*** THE DATA ***

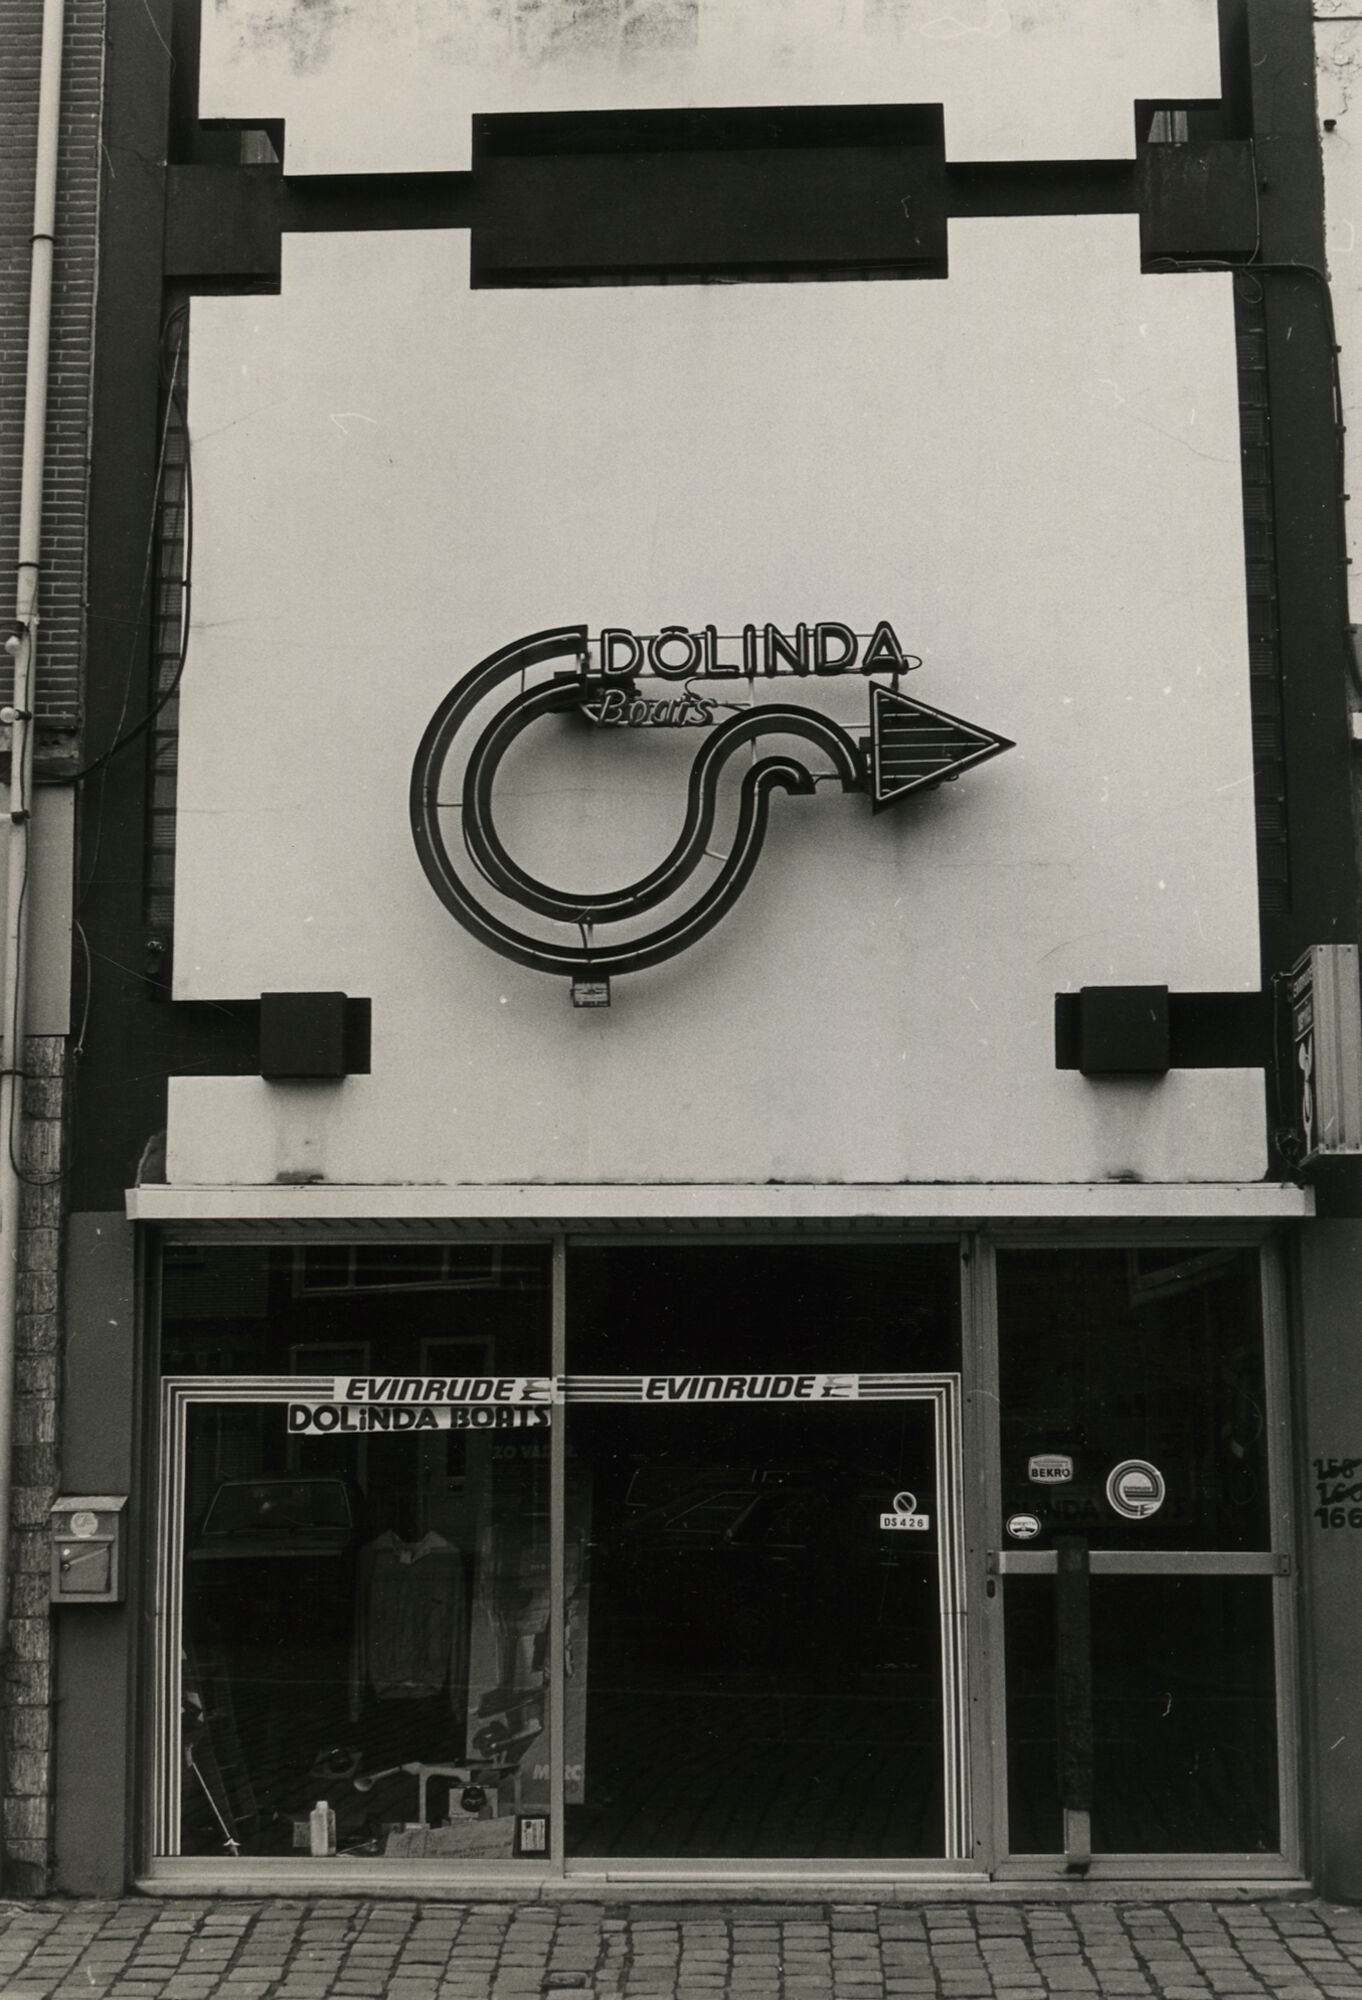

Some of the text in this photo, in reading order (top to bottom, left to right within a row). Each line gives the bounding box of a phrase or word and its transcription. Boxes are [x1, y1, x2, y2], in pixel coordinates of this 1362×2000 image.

[600, 620, 909, 681] DOLINDA
[599, 688, 718, 727] Boats
[345, 1378, 516, 1401] EVINRUDE
[645, 1375, 817, 1400] EVINRUDE
[450, 1406, 551, 1429] BOATS
[1031, 1468, 1071, 1478] BEKRO
[532, 1763, 582, 1781] MRC
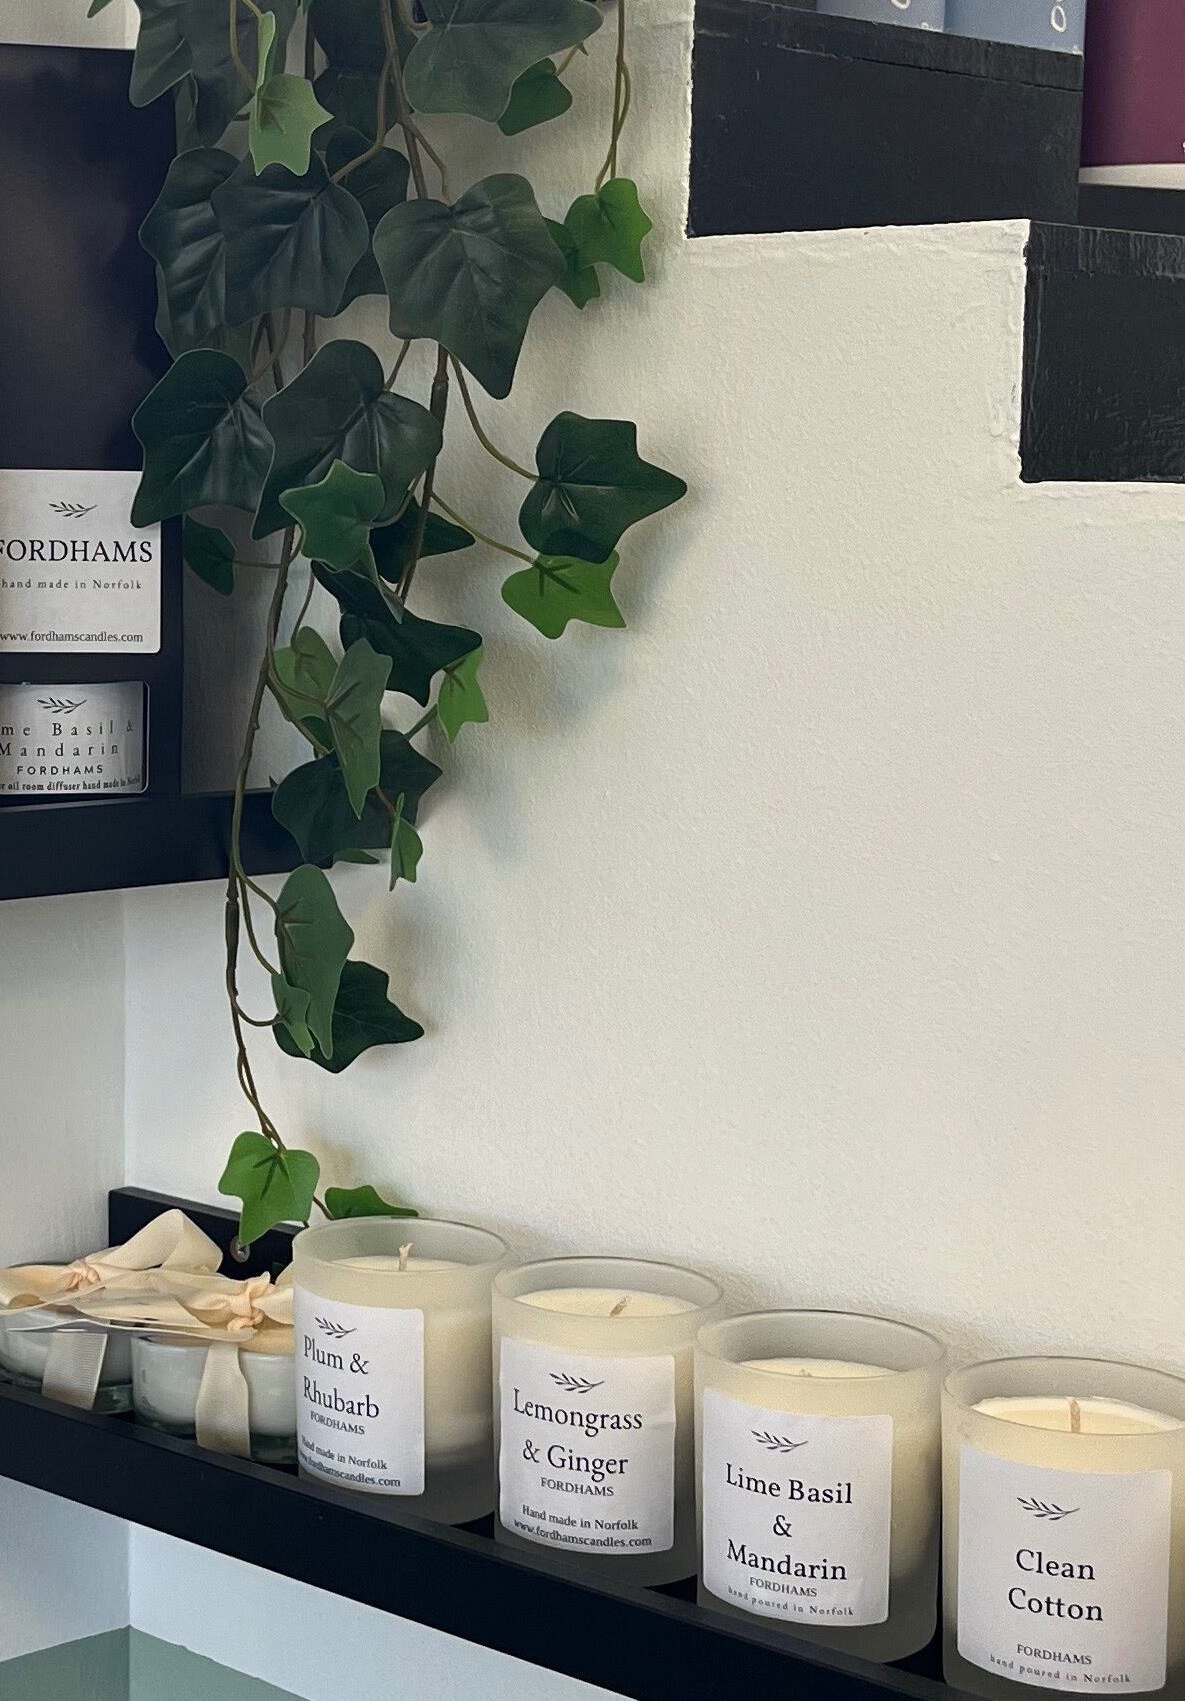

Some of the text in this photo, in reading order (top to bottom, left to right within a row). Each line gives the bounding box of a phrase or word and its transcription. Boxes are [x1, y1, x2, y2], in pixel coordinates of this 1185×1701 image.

[1, 579, 143, 590] hand made in Norfolk
[0, 631, 144, 643] www.fordhamscandles.com
[52, 720, 114, 736] Basil
[126, 721, 134, 733] &
[17, 765, 103, 775] FORDHAMS
[22, 782, 44, 791] room
[46, 781, 80, 791] diffuser
[82, 780, 101, 790] hand
[304, 1335, 369, 1375] Plum &
[304, 1375, 380, 1418] Rhubarb
[310, 1410, 365, 1435] FORDHAMS
[513, 1387, 643, 1438] Lemongrass
[316, 1446, 335, 1460] made
[337, 1453, 346, 1463] in
[348, 1455, 388, 1470] Norfolk
[522, 1439, 629, 1482] & Ginger
[540, 1477, 614, 1497] FORDHAMS
[726, 1463, 853, 1504] Lime Basil
[522, 1505, 638, 1531] Hand made in Norfolk
[772, 1514, 793, 1538] &
[514, 1519, 652, 1547] www.fordhamscandles.com
[727, 1538, 847, 1580] Mandarin
[1016, 1548, 1095, 1580] Clean
[749, 1576, 818, 1597] FORDHAMS
[728, 1585, 854, 1616] hand poured in Norfolk
[1008, 1587, 1104, 1621] Cotton
[1017, 1644, 1092, 1665] FORDHAMS
[990, 1653, 1131, 1683] hand poured in Norfolk
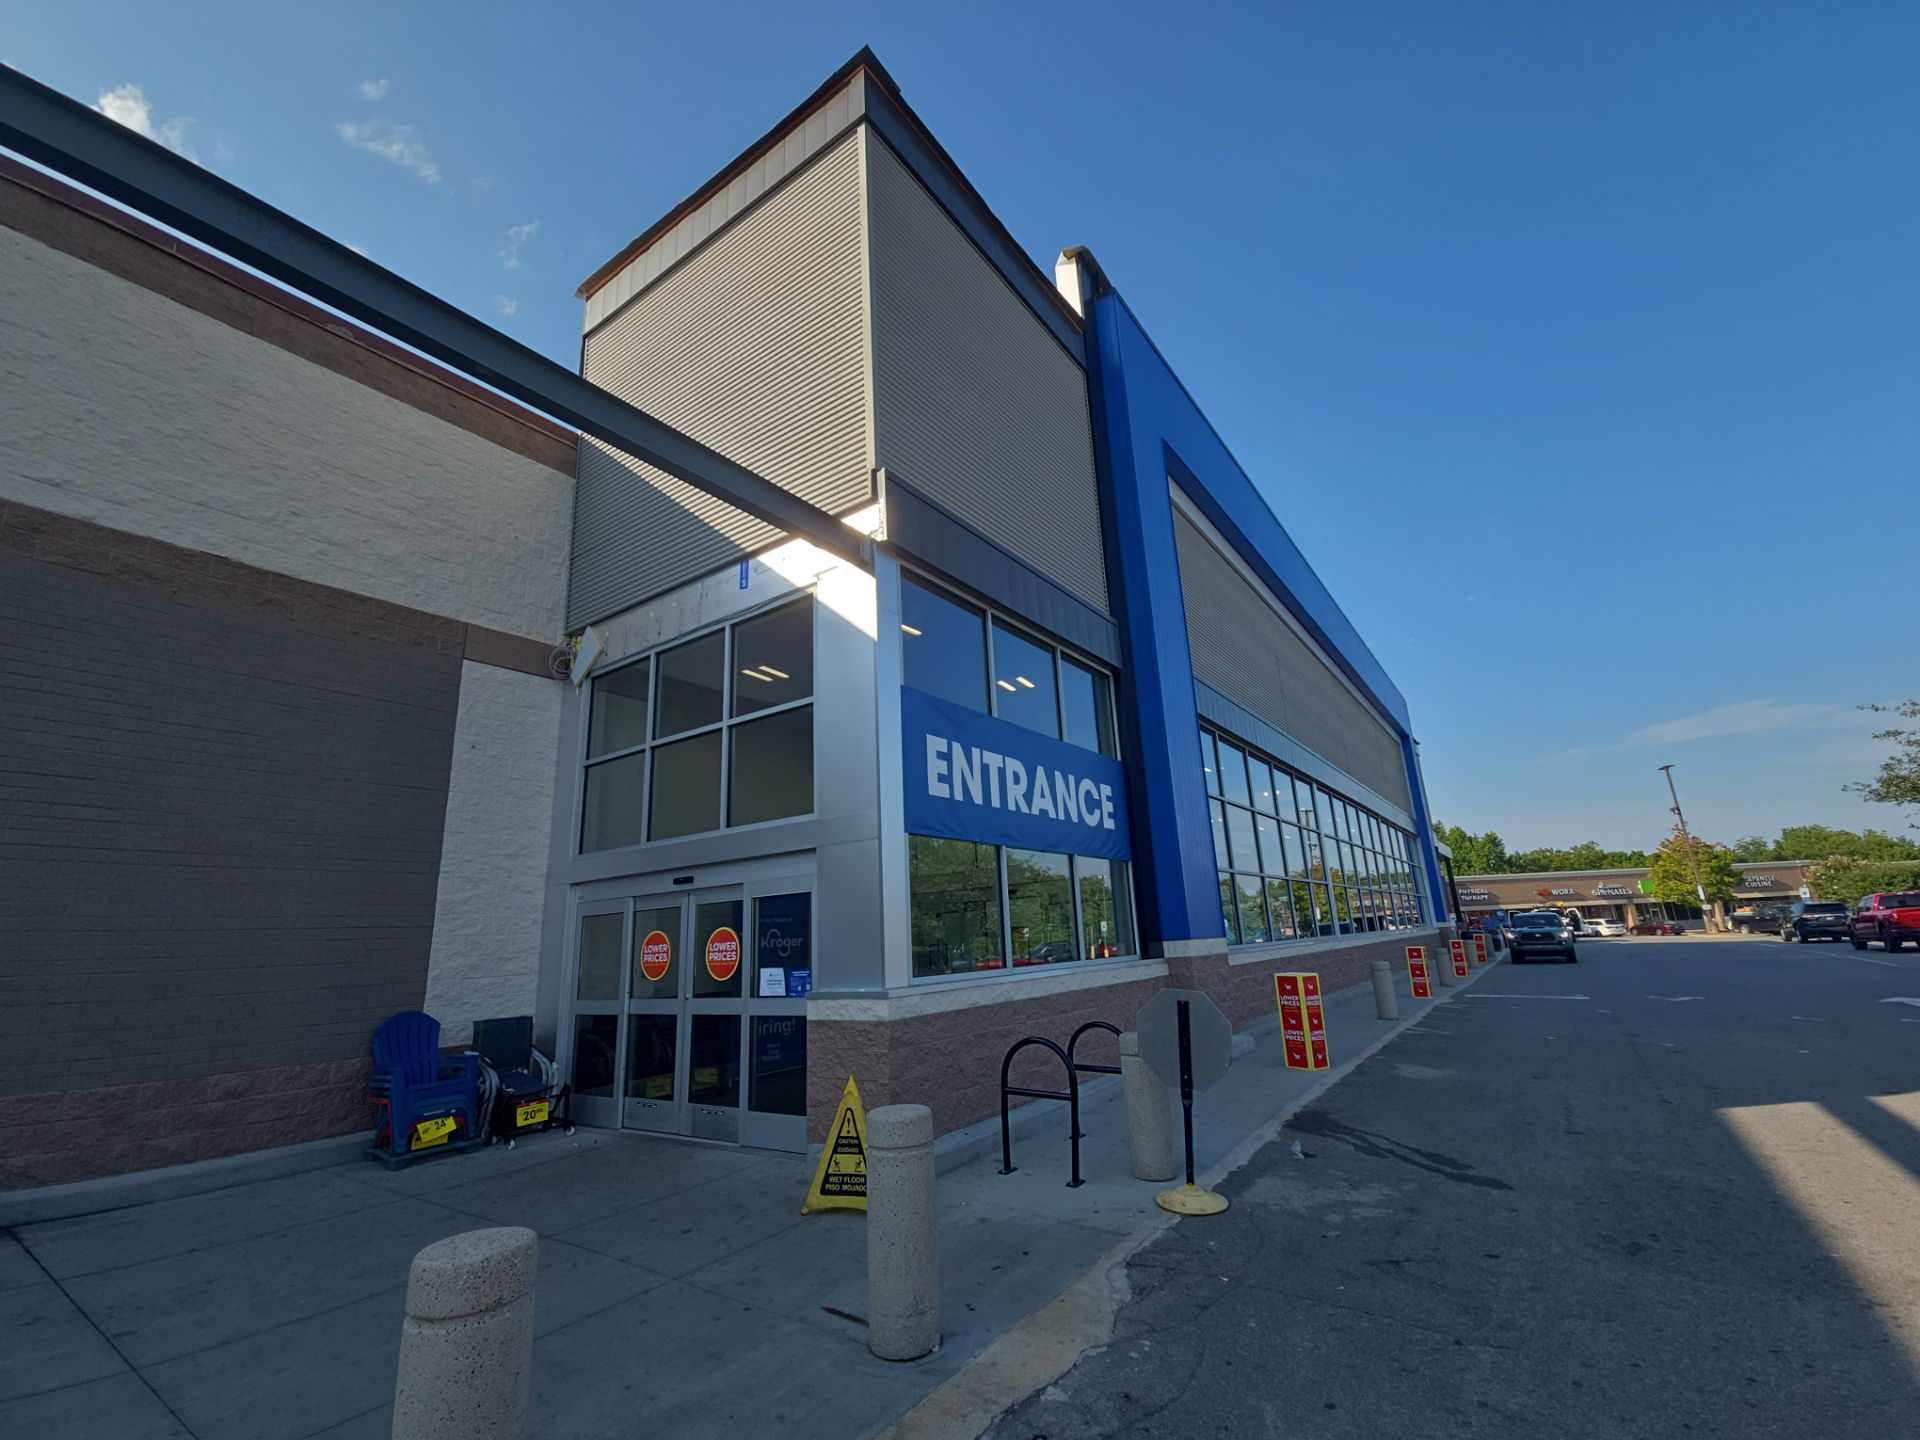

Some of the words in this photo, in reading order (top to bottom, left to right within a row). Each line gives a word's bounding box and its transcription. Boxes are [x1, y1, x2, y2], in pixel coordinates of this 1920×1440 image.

*** End of THE DATA ***

EXERCISE BRIEF -> In the copy, include each entry exactly as written and none of the pictures.

RESPONSE BELOW ->
Some of the text in this photo, in reading order (top to bottom, left to right within a row). Each line gives the bounding box of a phrase or word and its transcription. Boxes are [x1, y1, x2, y2], in pixel coordinates of this 1362×2000 image.

[600, 620, 909, 681] DOLINDA
[599, 688, 718, 727] Boats
[345, 1378, 516, 1401] EVINRUDE
[645, 1375, 817, 1400] EVINRUDE
[450, 1406, 551, 1429] BOATS
[1031, 1468, 1071, 1478] BEKRO
[532, 1763, 582, 1781] MRC

Some of the text in this photo, in reading order (top to bottom, left to right within a row). Each line gives the bounding box of a phrase or word and its transcription. Boxes are [x1, y1, x2, y2], in pixel coordinates of this 1185×1701 image.

[1, 579, 143, 590] hand made in Norfolk
[0, 631, 144, 643] www.fordhamscandles.com
[52, 720, 114, 736] Basil
[126, 721, 134, 733] &
[17, 765, 103, 775] FORDHAMS
[22, 782, 44, 791] room
[46, 781, 80, 791] diffuser
[82, 780, 101, 790] hand
[304, 1335, 369, 1375] Plum &
[304, 1375, 380, 1418] Rhubarb
[310, 1410, 365, 1435] FORDHAMS
[513, 1387, 643, 1438] Lemongrass
[316, 1446, 335, 1460] made
[337, 1453, 346, 1463] in
[348, 1455, 388, 1470] Norfolk
[522, 1439, 629, 1482] & Ginger
[540, 1477, 614, 1497] FORDHAMS
[726, 1463, 853, 1504] Lime Basil
[522, 1505, 638, 1531] Hand made in Norfolk
[772, 1514, 793, 1538] &
[514, 1519, 652, 1547] www.fordhamscandles.com
[727, 1538, 847, 1580] Mandarin
[1016, 1548, 1095, 1580] Clean
[749, 1576, 818, 1597] FORDHAMS
[728, 1585, 854, 1616] hand poured in Norfolk
[1008, 1587, 1104, 1621] Cotton
[1017, 1644, 1092, 1665] FORDHAMS
[990, 1653, 1131, 1683] hand poured in Norfolk

Some of the words in this photo, in reading order (top to bottom, left to right within a row). Each line gives a word's bounding box and its transcription. Boxes are [x1, y1, x2, y2], in pixel coordinates of this 1920×1440 image.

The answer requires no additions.